When people compare today's market to the dot-com bubble, they are reaching for the most dramatic parallel they can find. It gets clicks. It triggers fear. And it is not entirely wrong to ask the question. But the answer is more nuanced than most headlines will give you.
The dot-com era was built on air. Companies with no revenue, no product, and no path to profitability were trading at astronomical valuations simply because they had a ".com" in their name. When Barron's ran a cover story in March 2000 called "Burning Up," they reported that 74% of 207 publicly traded internet companies had negative cash flows. The whole thing was held together by hope and hype. When reality finally showed up, the Nasdaq lost nearly 80% of its value between March 2000 and October 2002.
Today's technology leaders are fundamentally different animals.
The companies at the center of the AI boom are among the most profitable businesses in human history. Google, Microsoft, Amazon, Meta, and Nvidia generate real revenue at enormous scale and are reinvesting billions in infrastructure they believe will define the next era of computing. During the dot-com peak, the top tech stocks traded at roughly 66 times forward earnings. Today's leading AI companies trade at around 28 times forward earnings. The tech sector as a whole traded above 45 times earnings in early 2000. Today it sits around 27 times. Before the dot-com bubble burst, technology companies were spending more than the cash they generated for nearly a decade. Today it is the opposite. These companies are funding their AI buildout from existing free cash flow, not borrowed hope.

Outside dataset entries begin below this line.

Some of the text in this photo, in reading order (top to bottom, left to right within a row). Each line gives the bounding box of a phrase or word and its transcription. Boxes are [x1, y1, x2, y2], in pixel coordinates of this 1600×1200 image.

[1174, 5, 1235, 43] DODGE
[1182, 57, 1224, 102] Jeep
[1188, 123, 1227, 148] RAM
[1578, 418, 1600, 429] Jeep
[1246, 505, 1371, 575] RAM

That said, "better than the dot-com bubble" is not the same as "priced perfectly." Valuations are stretched. The five largest companies in the S&P 500 represent about 30% of the entire index, the highest concentration in half a century. And Wall Street's enthusiasm for artificial intelligence is running well ahead of the actual earnings many of these companies have delivered so far.
The honest read: the businesses are real, the revenue is real, and the infrastructure is real. But investors are paying up, aggressively, for growth that has not fully materialized yet. That gap between expectation and reality is where corrections are born.

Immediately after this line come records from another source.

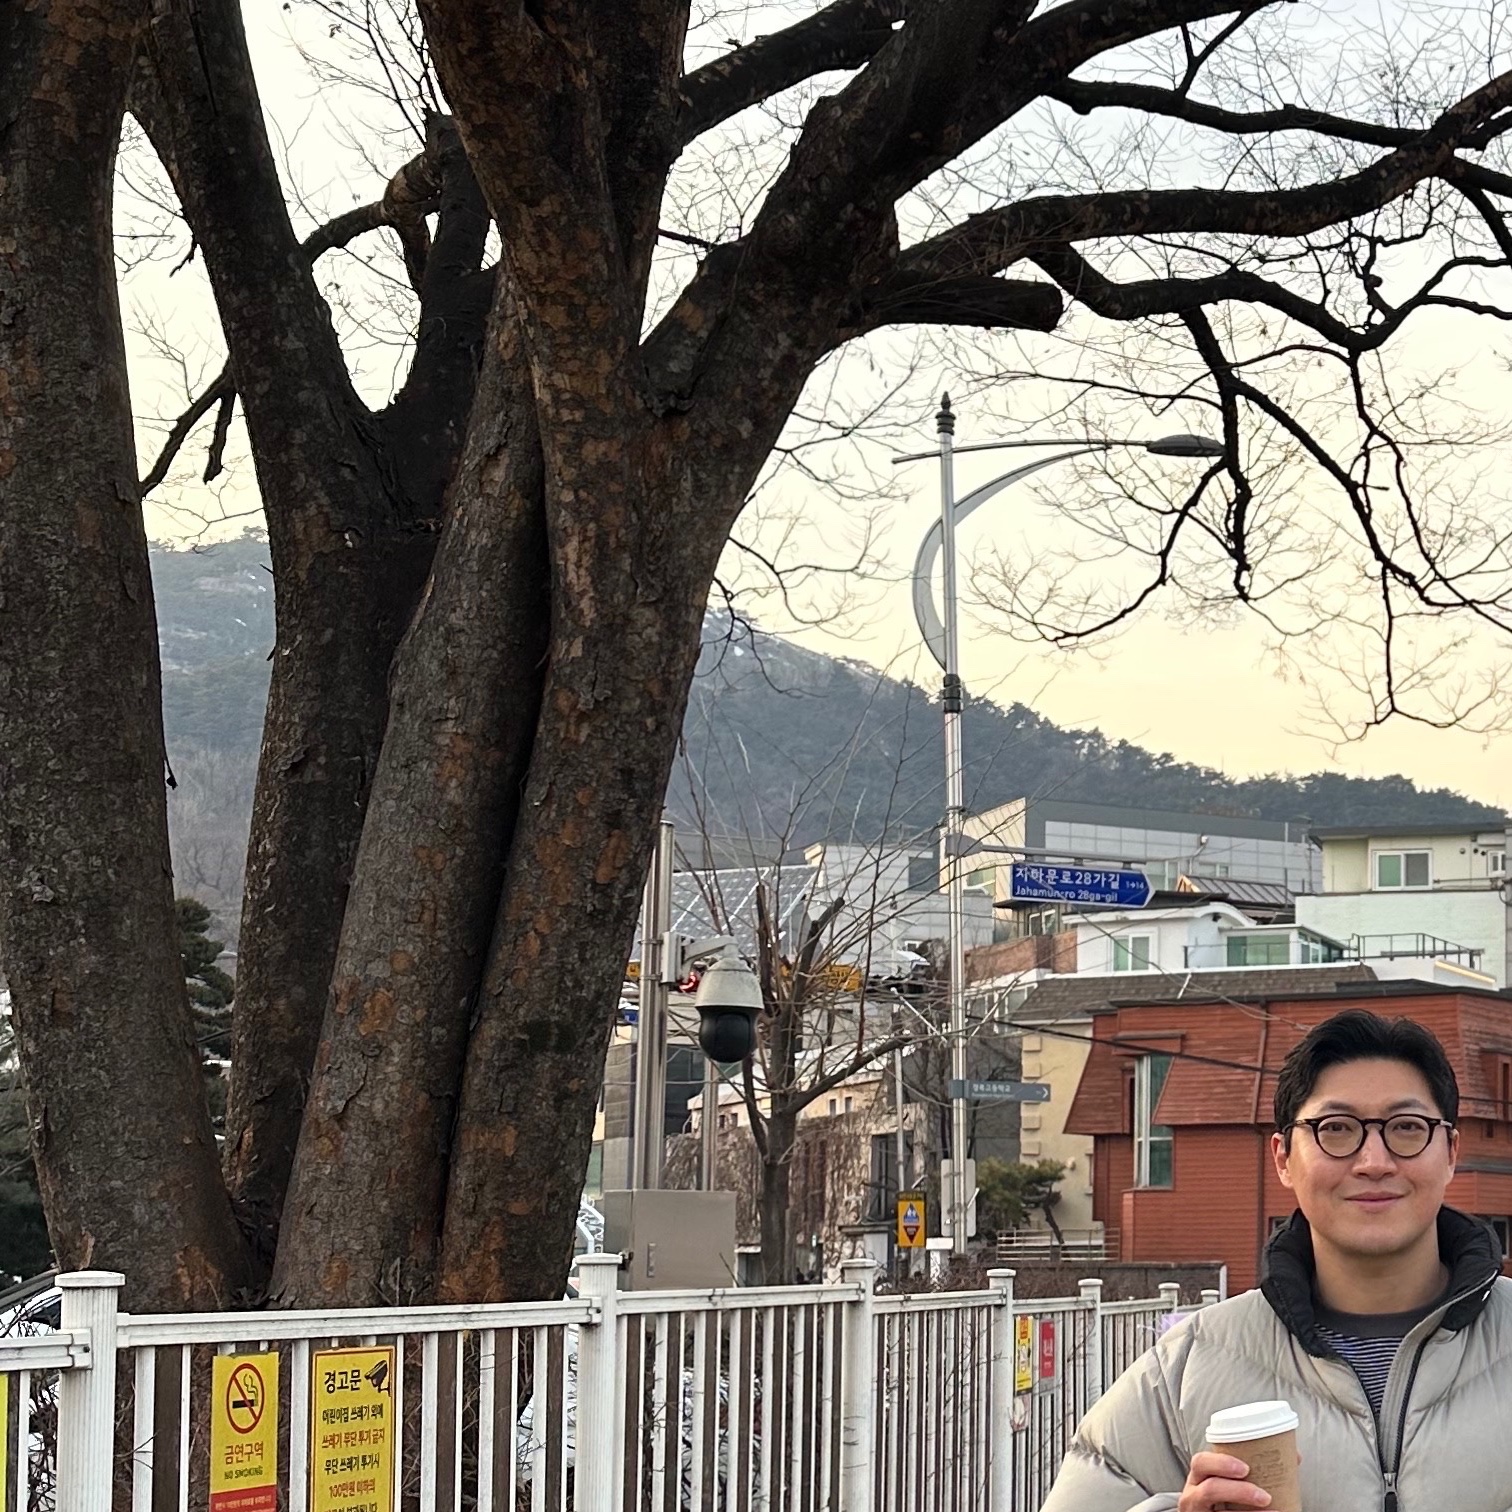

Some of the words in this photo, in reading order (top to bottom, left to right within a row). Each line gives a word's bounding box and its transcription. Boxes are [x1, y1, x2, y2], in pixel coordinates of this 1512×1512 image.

[1015, 867, 1120, 889] 자하문로28가길
[1015, 885, 1076, 899] Jahamun-ro
[1077, 889, 1118, 903] 28ga-gil
[324, 1369, 361, 1394] 경고문
[322, 1406, 349, 1425] 어린이집
[350, 1404, 369, 1421] 쓰레기
[321, 1432, 342, 1449] 쓰레기
[343, 1430, 357, 1447] 무단
[358, 1428, 371, 1446] 투기
[372, 1427, 385, 1444] 금지
[224, 1441, 263, 1465] 금연구역
[224, 1470, 233, 1480] NO
[234, 1465, 263, 1479] SMOKING
[324, 1457, 338, 1475] 무단
[340, 1454, 359, 1472] 쓰레기
[329, 1480, 356, 1498] 100만원
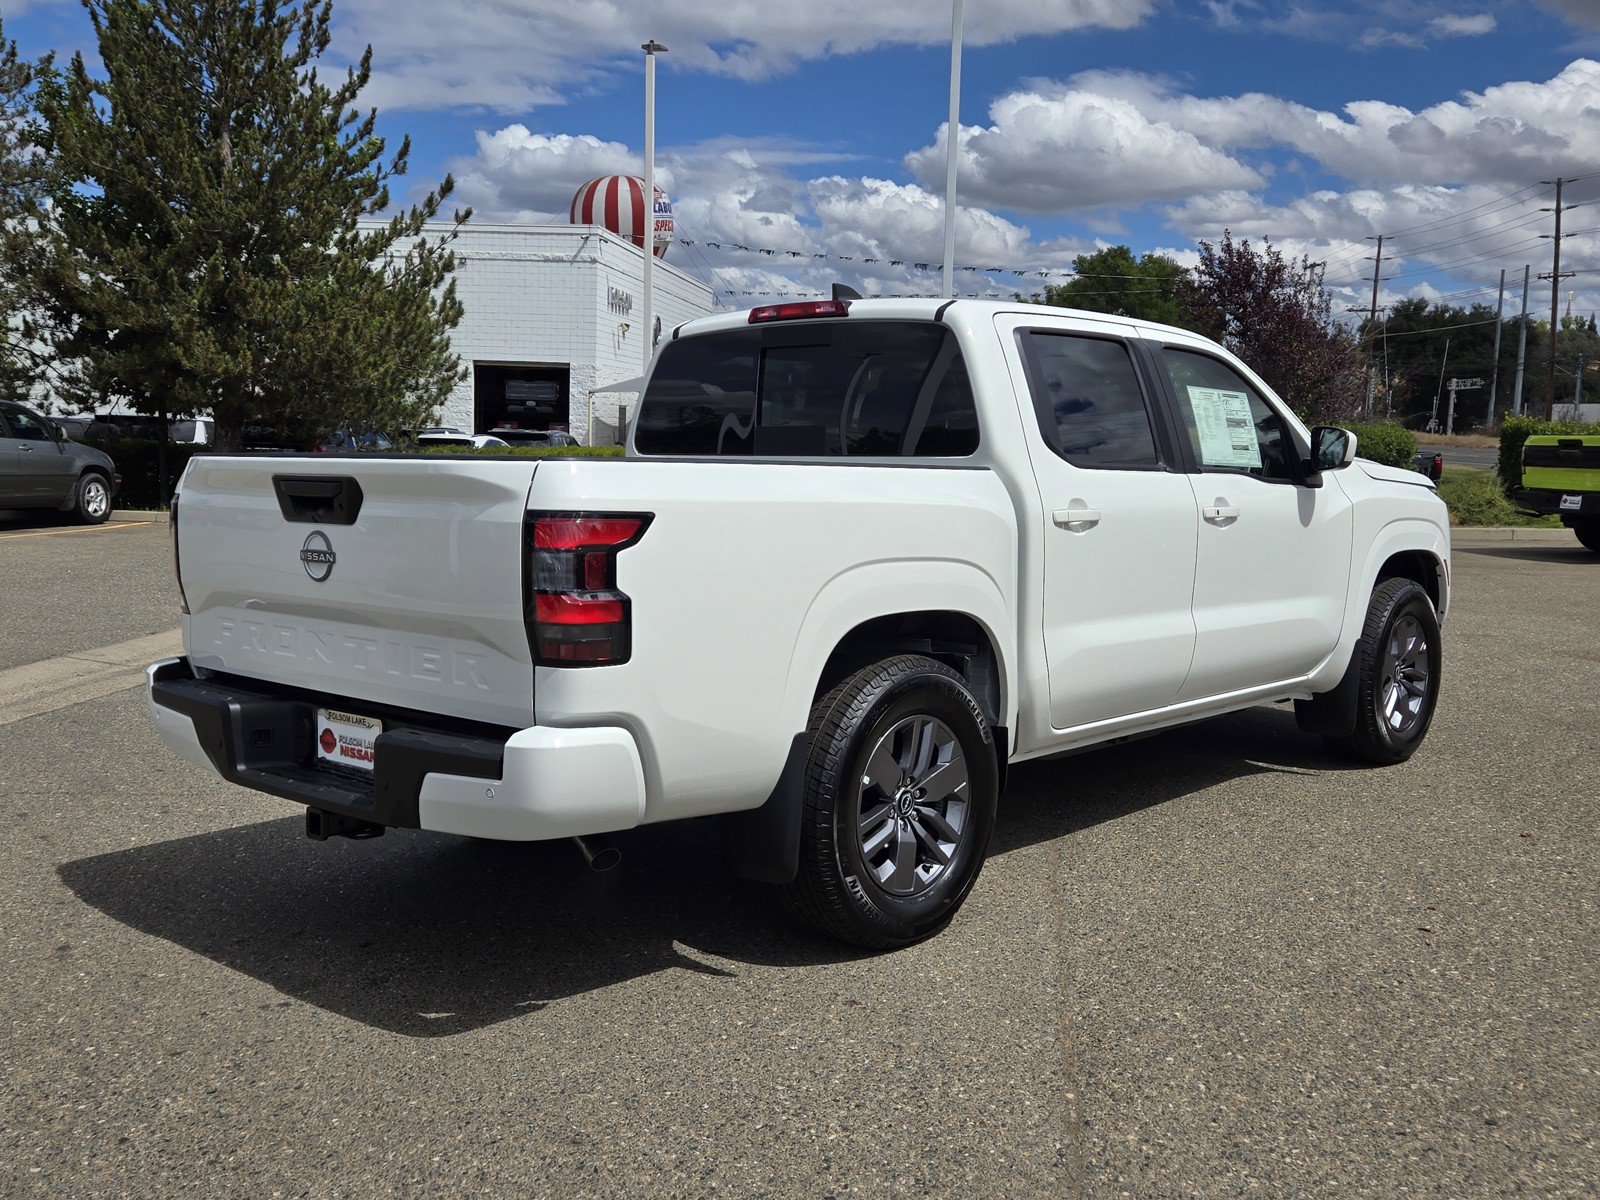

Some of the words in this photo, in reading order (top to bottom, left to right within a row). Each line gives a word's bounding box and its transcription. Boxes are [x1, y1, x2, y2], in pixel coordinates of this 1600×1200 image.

[301, 551, 334, 562] NISSAN
[213, 615, 490, 690] FRONTIER
[326, 711, 351, 722] FOLSOM
[351, 716, 366, 725] LAKE
[954, 688, 991, 740] MICHELIN
[338, 734, 362, 748] FOLSOM

The question is not whether we are in 1999. The question is whether the price being paid today reflects reality, or whether it reflects everyone's hope for a home run.
The Market Has Always Done This. Always.
If you want to understand what is happening today, you need to understand the pattern of what has happened over the last 150 years. The stock market has never moved in a straight line. It never will. What it has done, consistently, is go up over time, with painful interruptions along the way.
- The Great Depression from 1929 to 1932 wiped out roughly 80 to 90% of the Dow's value.
- The oil crisis of the early 1970s sent markets into a prolonged slump that took more than a decade to fully escape.
- The dot-com bust from 2000 to 2002 cut the S&P 500 nearly in half and devastated the Nasdaq.
- The 2008 financial crisis erased roughly 57% of market value, and it was not until 2013 that markets fully moved past that era.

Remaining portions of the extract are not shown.